The fourth Geneva Convention, which stipulates that warring parties have an obligation to protect civilians, was added.

The fourth convention in particular was born out of the horrors of the World War II - not just the appalling atrocity of the concentration camps, but the deliberate starvation of the city of Leningrad, and the indiscriminate bombing of Dresden and Coventry.

The conventions received widespread international support from the start, and today all 194 states have ratified them.
Unfortunately, signatures on paper have not led to respect for the conventions, and research conducted by the International Committee of the Red Cross (ICRC) - which is the guardian of the conventions - shows that civilians suffer most in armed conflict.

Little compliance

In World War I, the ratio of soldiers to civilians killed was 10 to one.
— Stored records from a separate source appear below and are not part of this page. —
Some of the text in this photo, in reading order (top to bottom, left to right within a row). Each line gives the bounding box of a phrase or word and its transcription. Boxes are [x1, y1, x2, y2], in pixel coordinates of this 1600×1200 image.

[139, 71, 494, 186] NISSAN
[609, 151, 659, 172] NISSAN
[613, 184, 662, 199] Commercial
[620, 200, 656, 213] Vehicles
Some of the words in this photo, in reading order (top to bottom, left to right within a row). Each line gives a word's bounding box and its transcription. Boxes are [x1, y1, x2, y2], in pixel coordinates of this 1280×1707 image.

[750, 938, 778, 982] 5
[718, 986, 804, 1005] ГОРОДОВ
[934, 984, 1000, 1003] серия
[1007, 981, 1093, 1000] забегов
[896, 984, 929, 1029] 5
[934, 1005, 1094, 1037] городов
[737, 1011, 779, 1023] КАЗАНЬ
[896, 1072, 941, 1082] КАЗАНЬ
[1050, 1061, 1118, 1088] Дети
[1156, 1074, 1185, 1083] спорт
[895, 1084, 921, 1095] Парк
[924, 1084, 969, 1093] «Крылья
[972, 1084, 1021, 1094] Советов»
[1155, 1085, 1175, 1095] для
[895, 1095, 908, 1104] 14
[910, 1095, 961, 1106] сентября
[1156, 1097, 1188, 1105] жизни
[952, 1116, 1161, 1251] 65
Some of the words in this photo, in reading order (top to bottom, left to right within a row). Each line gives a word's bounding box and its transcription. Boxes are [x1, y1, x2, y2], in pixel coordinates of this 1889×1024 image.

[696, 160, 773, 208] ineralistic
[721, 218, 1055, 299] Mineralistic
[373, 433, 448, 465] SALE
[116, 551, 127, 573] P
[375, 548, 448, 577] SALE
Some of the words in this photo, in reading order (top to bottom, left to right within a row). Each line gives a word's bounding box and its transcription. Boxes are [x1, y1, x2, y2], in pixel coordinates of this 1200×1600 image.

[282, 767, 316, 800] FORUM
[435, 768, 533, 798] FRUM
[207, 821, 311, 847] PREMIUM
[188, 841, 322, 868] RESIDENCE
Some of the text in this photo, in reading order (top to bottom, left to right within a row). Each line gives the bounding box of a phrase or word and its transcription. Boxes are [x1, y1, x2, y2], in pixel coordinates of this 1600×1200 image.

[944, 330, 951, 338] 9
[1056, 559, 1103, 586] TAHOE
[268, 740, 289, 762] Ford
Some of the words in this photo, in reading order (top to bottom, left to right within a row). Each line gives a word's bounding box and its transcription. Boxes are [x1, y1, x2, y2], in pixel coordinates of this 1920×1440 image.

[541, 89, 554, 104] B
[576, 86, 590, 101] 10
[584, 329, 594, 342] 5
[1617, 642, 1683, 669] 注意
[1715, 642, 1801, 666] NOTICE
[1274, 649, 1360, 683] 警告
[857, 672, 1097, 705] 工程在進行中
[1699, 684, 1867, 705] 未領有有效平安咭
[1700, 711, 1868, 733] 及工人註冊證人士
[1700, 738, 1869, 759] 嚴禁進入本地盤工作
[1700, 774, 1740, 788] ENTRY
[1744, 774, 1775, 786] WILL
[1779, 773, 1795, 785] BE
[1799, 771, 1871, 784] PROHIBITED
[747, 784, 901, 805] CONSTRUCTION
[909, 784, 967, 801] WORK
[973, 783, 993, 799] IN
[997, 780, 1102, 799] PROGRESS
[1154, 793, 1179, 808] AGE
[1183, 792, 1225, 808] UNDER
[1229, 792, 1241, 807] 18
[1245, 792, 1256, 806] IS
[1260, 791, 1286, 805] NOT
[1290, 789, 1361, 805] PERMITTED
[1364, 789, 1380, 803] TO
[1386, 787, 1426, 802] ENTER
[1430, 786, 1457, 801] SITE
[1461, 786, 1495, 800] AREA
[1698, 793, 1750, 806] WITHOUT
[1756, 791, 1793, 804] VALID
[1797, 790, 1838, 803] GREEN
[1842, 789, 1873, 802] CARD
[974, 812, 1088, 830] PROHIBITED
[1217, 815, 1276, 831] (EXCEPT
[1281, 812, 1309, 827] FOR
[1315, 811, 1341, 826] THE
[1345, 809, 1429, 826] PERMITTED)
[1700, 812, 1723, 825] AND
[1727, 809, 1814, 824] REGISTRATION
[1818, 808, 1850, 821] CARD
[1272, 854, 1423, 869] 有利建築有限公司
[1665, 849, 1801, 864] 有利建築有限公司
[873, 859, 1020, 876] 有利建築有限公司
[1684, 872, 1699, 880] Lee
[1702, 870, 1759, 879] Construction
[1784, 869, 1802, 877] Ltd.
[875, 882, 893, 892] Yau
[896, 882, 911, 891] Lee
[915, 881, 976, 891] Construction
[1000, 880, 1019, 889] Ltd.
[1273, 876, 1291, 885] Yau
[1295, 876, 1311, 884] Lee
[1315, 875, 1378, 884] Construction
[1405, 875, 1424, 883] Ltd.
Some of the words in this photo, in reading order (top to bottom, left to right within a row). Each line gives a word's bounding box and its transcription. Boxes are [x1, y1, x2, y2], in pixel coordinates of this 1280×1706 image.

In World War II it became 50-50, and today the figures are almost reversed - up to 10 civilians killed for every one soldier.

Last year's brief war between Georgia and Russia is a case in point.

In just a few days, several hundred civilians are believed to have lost their lives and tens of thousands were driven from their homes.

Along both sides of the closed "administrative boundary line" between Georgia and the breakaway republic of South Ossetia, dozens of villages are abandoned, the houses burned or bombed.

Mary Gelashvili, an elderly woman from the village of Tserenisi, has lost not just her house, which is destroyed, but her livelihood too.

Her fields are along the boundary line, and she can no longer get to them.

"No one should have the right to destroy my home," she says.

Under international law she is absolutely right. Indiscriminate damage to civilian life and property is forbidden.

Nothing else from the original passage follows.